While significant progress has been made with the DOR, there is more work to be done. Changes should be made via the rulemaking process to further clarify and limit the potential impacts of the law and regulation to the business aviation community. Without further clarity and/or limits to the scope of the final rule, an aircraft that was validly purchased exempt from sales and use tax according to a statutory exemption may still be deemed “unfair tax avoidance” in a subsequent DOR audit.
The DOR held an initial public meeting on July 1 to begin the rulemaking process, PNBAA representatives participated in this meeting. While this was the first opportunity for the public to weigh in on the proposal, future opportunities are anticipated.
As it pertains to the business use of aircraft, the rulemaking process may involve several meetings with the DOR to better understand the regulatory framework impacting taxpayers, the specific language of the rule and corresponding examples, and a discussion of goals and concerns for both imposition and administration.

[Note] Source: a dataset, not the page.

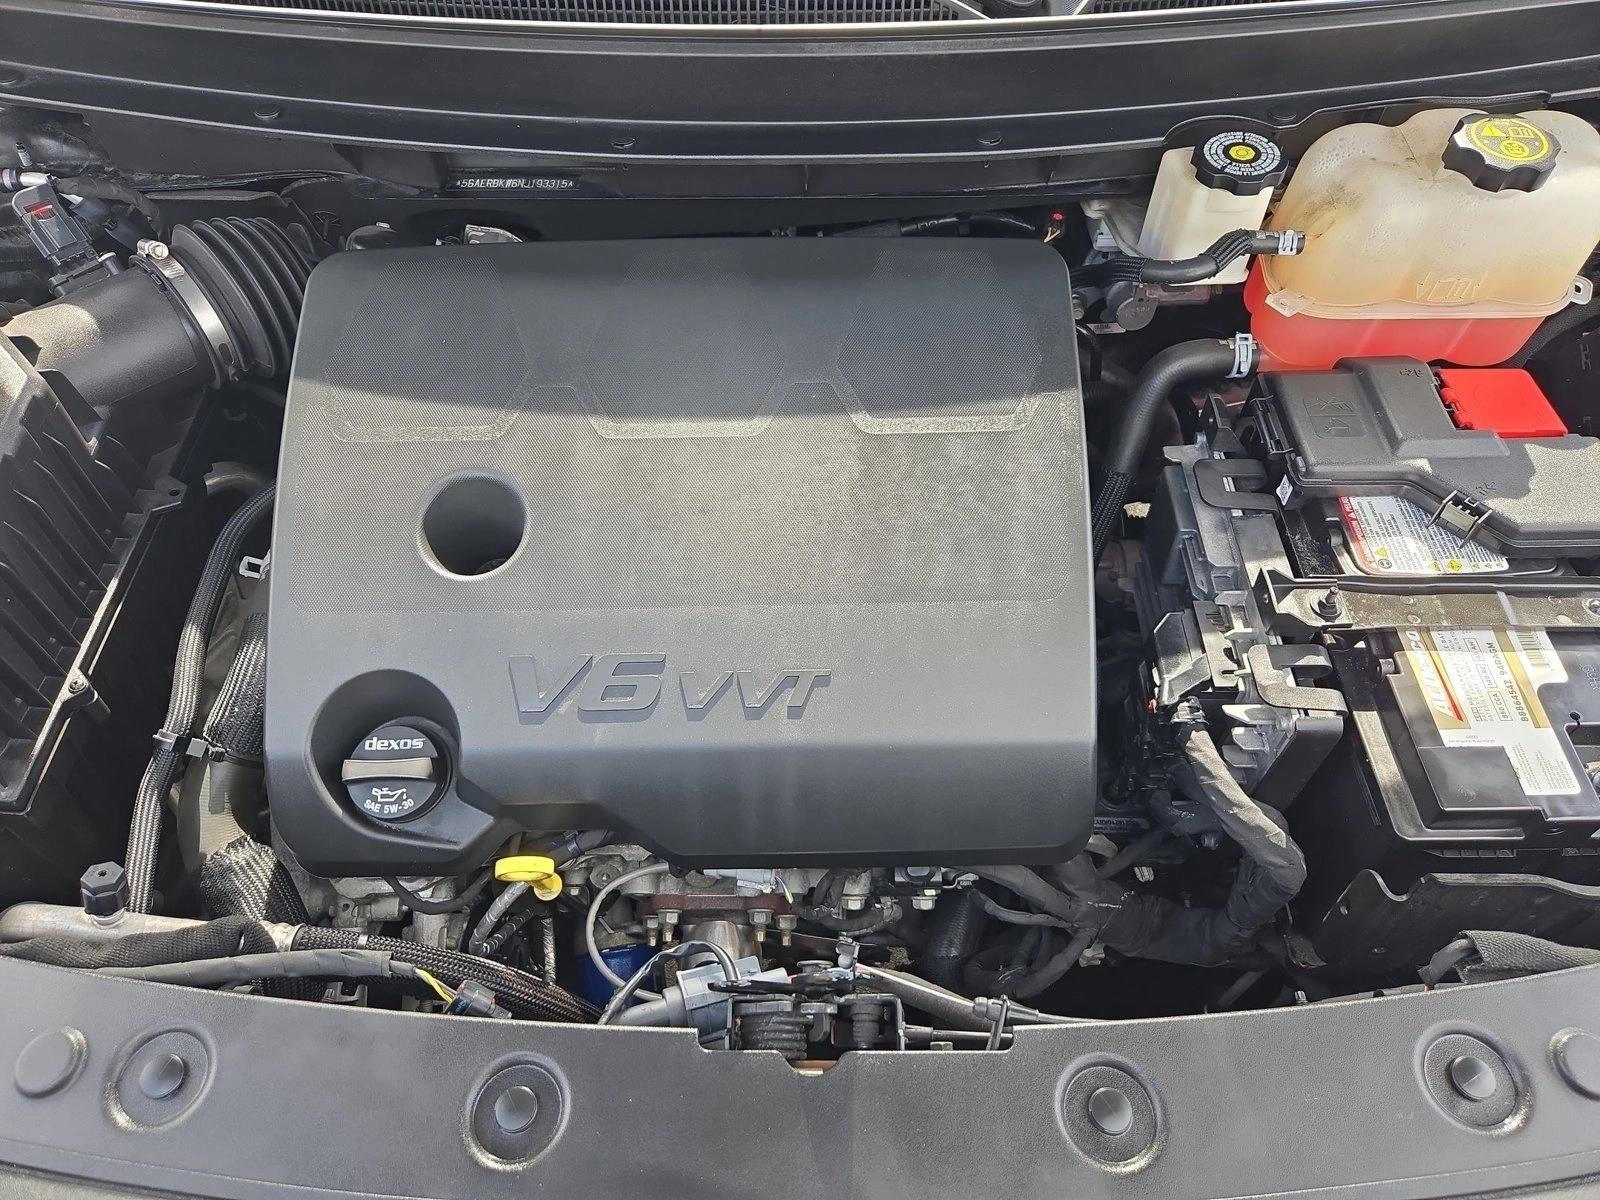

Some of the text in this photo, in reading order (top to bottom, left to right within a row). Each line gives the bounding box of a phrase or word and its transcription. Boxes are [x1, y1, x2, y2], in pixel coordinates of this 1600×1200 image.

Given the broad nature of the tax avoidance statute, the presence of the initial leasing safe-harbor represents a significant move forward in recognizing and understanding the legitimate and necessary uses of business aircraft.
NBAA will keep Members informed as the rulemaking moves forward and provide details on opportunities for participation in the process.For additional information, contact NBAA's Kristi Ivey at (206) 434-5688 or email@example.com.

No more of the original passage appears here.